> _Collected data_
● ● ● ● ● ● ●

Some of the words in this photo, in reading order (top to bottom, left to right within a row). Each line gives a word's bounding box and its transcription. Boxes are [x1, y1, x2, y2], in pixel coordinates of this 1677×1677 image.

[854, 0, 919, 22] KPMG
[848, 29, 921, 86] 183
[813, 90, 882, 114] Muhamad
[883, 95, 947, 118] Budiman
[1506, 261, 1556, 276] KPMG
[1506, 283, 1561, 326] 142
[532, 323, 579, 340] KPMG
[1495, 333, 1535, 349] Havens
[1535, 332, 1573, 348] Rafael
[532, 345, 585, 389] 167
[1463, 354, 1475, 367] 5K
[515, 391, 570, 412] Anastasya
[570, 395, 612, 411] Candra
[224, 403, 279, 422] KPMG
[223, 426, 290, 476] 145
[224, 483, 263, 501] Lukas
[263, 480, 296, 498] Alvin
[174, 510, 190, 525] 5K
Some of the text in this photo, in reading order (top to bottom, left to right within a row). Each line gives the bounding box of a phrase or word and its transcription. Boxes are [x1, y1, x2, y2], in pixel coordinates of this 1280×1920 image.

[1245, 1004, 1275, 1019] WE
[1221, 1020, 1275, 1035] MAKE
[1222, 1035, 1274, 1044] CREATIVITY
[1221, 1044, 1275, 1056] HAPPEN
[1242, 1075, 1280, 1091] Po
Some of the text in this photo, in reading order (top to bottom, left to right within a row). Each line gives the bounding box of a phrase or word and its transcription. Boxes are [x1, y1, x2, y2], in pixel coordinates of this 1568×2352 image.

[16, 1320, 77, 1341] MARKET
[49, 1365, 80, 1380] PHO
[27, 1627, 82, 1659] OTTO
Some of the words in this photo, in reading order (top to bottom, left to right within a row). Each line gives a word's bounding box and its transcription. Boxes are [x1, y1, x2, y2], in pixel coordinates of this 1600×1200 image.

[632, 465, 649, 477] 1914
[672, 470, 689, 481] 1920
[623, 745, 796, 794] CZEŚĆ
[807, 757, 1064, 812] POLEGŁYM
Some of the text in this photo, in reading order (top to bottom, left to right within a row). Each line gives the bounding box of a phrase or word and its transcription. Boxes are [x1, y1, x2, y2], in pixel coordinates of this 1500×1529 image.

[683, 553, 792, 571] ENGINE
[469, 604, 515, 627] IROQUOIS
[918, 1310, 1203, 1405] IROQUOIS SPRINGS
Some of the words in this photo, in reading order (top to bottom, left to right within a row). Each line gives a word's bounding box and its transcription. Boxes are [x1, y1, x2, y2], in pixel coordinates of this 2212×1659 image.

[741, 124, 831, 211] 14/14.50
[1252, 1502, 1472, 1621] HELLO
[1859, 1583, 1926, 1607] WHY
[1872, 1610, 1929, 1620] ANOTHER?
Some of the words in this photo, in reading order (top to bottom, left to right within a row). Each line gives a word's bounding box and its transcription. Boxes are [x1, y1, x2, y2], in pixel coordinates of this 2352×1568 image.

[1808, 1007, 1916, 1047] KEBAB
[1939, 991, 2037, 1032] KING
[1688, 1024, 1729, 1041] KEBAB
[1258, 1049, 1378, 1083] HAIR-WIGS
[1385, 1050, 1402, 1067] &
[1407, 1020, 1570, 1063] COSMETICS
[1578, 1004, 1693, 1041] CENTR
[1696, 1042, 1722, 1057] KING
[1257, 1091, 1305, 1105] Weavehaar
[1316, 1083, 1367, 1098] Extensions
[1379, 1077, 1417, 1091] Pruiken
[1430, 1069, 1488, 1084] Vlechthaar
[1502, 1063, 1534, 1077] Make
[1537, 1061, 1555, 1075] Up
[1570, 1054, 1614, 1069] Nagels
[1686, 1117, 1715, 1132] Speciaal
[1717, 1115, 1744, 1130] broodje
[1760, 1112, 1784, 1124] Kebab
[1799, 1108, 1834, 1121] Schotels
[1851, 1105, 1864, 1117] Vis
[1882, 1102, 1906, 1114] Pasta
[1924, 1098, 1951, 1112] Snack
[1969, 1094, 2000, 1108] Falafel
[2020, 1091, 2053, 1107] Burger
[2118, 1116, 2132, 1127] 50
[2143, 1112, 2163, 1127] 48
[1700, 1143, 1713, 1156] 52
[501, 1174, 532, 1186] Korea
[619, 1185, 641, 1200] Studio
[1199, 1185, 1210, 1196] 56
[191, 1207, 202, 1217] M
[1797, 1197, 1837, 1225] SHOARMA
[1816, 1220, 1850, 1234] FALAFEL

● ● ● ● ● ● ●

> _Task objective_
Return the records exactly, every line included.

> _Answer space_
Some of the words in this photo, in reading order (top to bottom, left to right within a row). Each line gives a word's bounding box and its transcription. Boxes are [x1, y1, x2, y2], in pixel coordinates of this 1677×1677 image.

[854, 0, 919, 22] KPMG
[848, 29, 921, 86] 183
[813, 90, 882, 114] Muhamad
[883, 95, 947, 118] Budiman
[1506, 261, 1556, 276] KPMG
[1506, 283, 1561, 326] 142
[532, 323, 579, 340] KPMG
[1495, 333, 1535, 349] Havens
[1535, 332, 1573, 348] Rafael
[532, 345, 585, 389] 167
[1463, 354, 1475, 367] 5K
[515, 391, 570, 412] Anastasya
[570, 395, 612, 411] Candra
[224, 403, 279, 422] KPMG
[223, 426, 290, 476] 145
[224, 483, 263, 501] Lukas
[263, 480, 296, 498] Alvin
[174, 510, 190, 525] 5K
Some of the text in this photo, in reading order (top to bottom, left to right within a row). Each line gives the bounding box of a phrase or word and its transcription. Boxes are [x1, y1, x2, y2], in pixel coordinates of this 1280×1920 image.

[1245, 1004, 1275, 1019] WE
[1221, 1020, 1275, 1035] MAKE
[1222, 1035, 1274, 1044] CREATIVITY
[1221, 1044, 1275, 1056] HAPPEN
[1242, 1075, 1280, 1091] Po
Some of the text in this photo, in reading order (top to bottom, left to right within a row). Each line gives the bounding box of a phrase or word and its transcription. Boxes are [x1, y1, x2, y2], in pixel coordinates of this 1568×2352 image.

[16, 1320, 77, 1341] MARKET
[49, 1365, 80, 1380] PHO
[27, 1627, 82, 1659] OTTO
Some of the words in this photo, in reading order (top to bottom, left to right within a row). Each line gives a word's bounding box and its transcription. Boxes are [x1, y1, x2, y2], in pixel coordinates of this 1600×1200 image.

[632, 465, 649, 477] 1914
[672, 470, 689, 481] 1920
[623, 745, 796, 794] CZEŚĆ
[807, 757, 1064, 812] POLEGŁYM
Some of the text in this photo, in reading order (top to bottom, left to right within a row). Each line gives the bounding box of a phrase or word and its transcription. Boxes are [x1, y1, x2, y2], in pixel coordinates of this 1500×1529 image.

[683, 553, 792, 571] ENGINE
[469, 604, 515, 627] IROQUOIS
[918, 1310, 1203, 1405] IROQUOIS SPRINGS
Some of the words in this photo, in reading order (top to bottom, left to right within a row). Each line gives a word's bounding box and its transcription. Boxes are [x1, y1, x2, y2], in pixel coordinates of this 2212×1659 image.

[741, 124, 831, 211] 14/14.50
[1252, 1502, 1472, 1621] HELLO
[1859, 1583, 1926, 1607] WHY
[1872, 1610, 1929, 1620] ANOTHER?
Some of the words in this photo, in reading order (top to bottom, left to right within a row). Each line gives a word's bounding box and its transcription. Boxes are [x1, y1, x2, y2], in pixel coordinates of this 2352×1568 image.

[1808, 1007, 1916, 1047] KEBAB
[1939, 991, 2037, 1032] KING
[1688, 1024, 1729, 1041] KEBAB
[1258, 1049, 1378, 1083] HAIR-WIGS
[1385, 1050, 1402, 1067] &
[1407, 1020, 1570, 1063] COSMETICS
[1578, 1004, 1693, 1041] CENTR
[1696, 1042, 1722, 1057] KING
[1257, 1091, 1305, 1105] Weavehaar
[1316, 1083, 1367, 1098] Extensions
[1379, 1077, 1417, 1091] Pruiken
[1430, 1069, 1488, 1084] Vlechthaar
[1502, 1063, 1534, 1077] Make
[1537, 1061, 1555, 1075] Up
[1570, 1054, 1614, 1069] Nagels
[1686, 1117, 1715, 1132] Speciaal
[1717, 1115, 1744, 1130] broodje
[1760, 1112, 1784, 1124] Kebab
[1799, 1108, 1834, 1121] Schotels
[1851, 1105, 1864, 1117] Vis
[1882, 1102, 1906, 1114] Pasta
[1924, 1098, 1951, 1112] Snack
[1969, 1094, 2000, 1108] Falafel
[2020, 1091, 2053, 1107] Burger
[2118, 1116, 2132, 1127] 50
[2143, 1112, 2163, 1127] 48
[1700, 1143, 1713, 1156] 52
[501, 1174, 532, 1186] Korea
[619, 1185, 641, 1200] Studio
[1199, 1185, 1210, 1196] 56
[191, 1207, 202, 1217] M
[1797, 1197, 1837, 1225] SHOARMA
[1816, 1220, 1850, 1234] FALAFEL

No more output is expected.